The budget resolution is a nonbinding resolution that sets broad spending levels that appropriations’ committees use to set specific spending levels for federal programs. In addition, it is unlikely that the Democratic-controlled Senate will approve the measure.

The U.S. House Democrats offered a substitute FY2012 budget resolution that was defeated by the House. The Democrats’ substitute proposed using mandatory spending to maintain the maximum Pell Grant at $5,550 and to pay for this by reducing spending on other programs. The substitute resolution also established a deficit neutral reserve fund for college affordability’ to allow the House Budget Committee Chairman to revise the allocations, aggregates, and other appropriate levels in the resolution for legislation that makes college more affordable, including efforts to maintain the maximum Pell grant award, as long as it does not increase the deficit.

Congress Passes FY 11 Spending Bill

Yesterday the U.S. Senate and House passed a long-term continuing resolution that will fund the federal government through the end of the current fiscal year. The House passed the resolution with a vote of 260-167 and the Senate passed the same legislation with a vote of 81-19.

The resolution prevented a shut-down of the federal government last week. Congress had previously passed a series of short-term resolutions in lieu of a consensus on a final spending package. The most recent short-term continuing resolution expired today.
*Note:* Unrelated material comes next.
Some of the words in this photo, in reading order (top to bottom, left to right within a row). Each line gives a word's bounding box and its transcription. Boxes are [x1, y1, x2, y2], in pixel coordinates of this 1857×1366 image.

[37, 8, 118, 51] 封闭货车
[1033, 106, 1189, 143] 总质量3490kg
The resolution will preserve the $5,550 maximum Pell Grant for the 2011-12 award year and delay elimination of second Pell awards until after this summer. The reductions in the resolution also affect others student financial aid programs, including the Federal Supplemental Educational Opportunity Grant (FSEOG) and federal work study for the 2011-12 academic year. 

Overall the resolution reduces state spending by $38.5 million from non-defense, discretionary FY10 spending levels.  The President is expected to sign the bill.
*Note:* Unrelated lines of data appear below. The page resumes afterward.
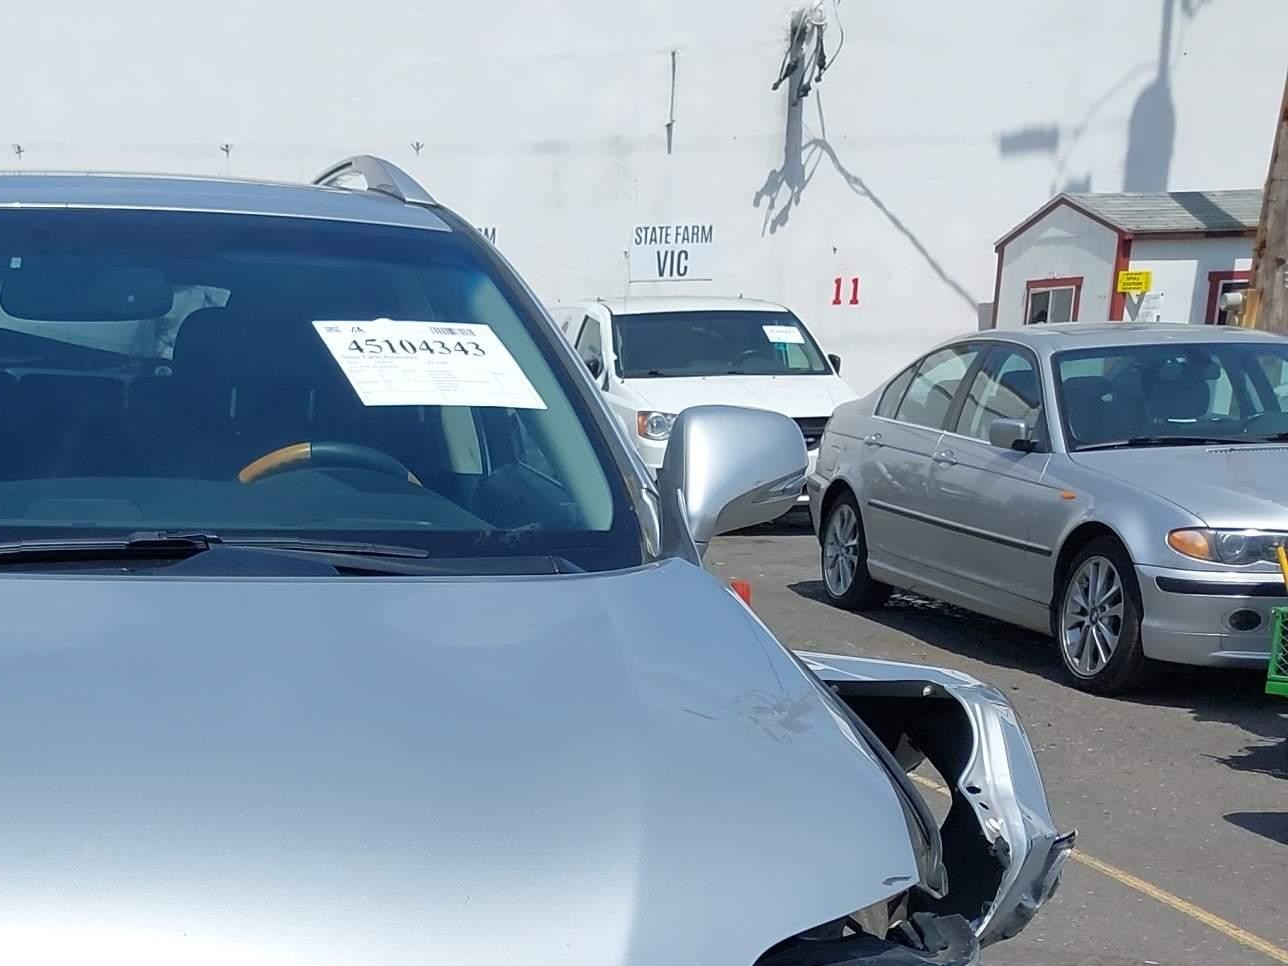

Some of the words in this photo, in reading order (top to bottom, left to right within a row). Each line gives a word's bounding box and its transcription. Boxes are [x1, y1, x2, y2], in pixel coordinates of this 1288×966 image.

[634, 225, 671, 246] STATE
[674, 224, 713, 244] FARM
[656, 249, 689, 278] VIC
[832, 277, 859, 305] 11
[348, 338, 486, 358] 45104343
Federal Funding Legislation for Current Year Would Impact Higher Education

Last Friday the U.S. House and Senate along with the White House agreed to a long-term continuing resolution that would fund the federal government for the remainder of FY 2011.  The deal reduces federal spending by $38.8 billion.

Congress also passed a short-term budget gap bill that expires this Thursday which will allow for time to develop the full legislation needed to implement the agreement. The short-term budget gap bills includes $2 billion in reductions.

The budget deal preserves the maximum Pell Grant but ends year-round Pell grants (See summaries posted by the House and Senate Appropriations Committees). In addition, the budget makes reductions to several research and education programs.   The bill would eliminate the Byrd Honors Scholarship Program and the Leveraging Educational Assistance Partnership (LEAP) program and reduce funding for several programs without completely eliminating them. These cuts include:

  • $20 million cut from the Federal Supplemental Education Opportunity Grants (SEOG)
  • $25 million cut from the Federal TRIO Programs
  • $20 million cut from the Gaining Early Awareness and Readiness for Undergraduate Programs (GEAR UP)

The summary posted by the House Appropriations Committee also indicates a 0.2% across-the-board cut for all federal programs. It remains unclear exactly how this across-the-board cut will affect federal student aid programs.

Overall, the bill cuts federal spending by nearly $40 billion, the largest cut to federal spending in a single year. It cuts a host of education programs including Teach for America, Even Start, and Education Technology State Grants, as well as other federal programs including emergency first responders, the National Endowment for the Arts and high-speed rail. Cuts to ED programs were relatively small compared to cuts to the Departments of Transportation, Housing and Urban Development, Commerce, Justice, Labor and Health and Human Services.

Congress is expected to vote on the bill as early as Thursday.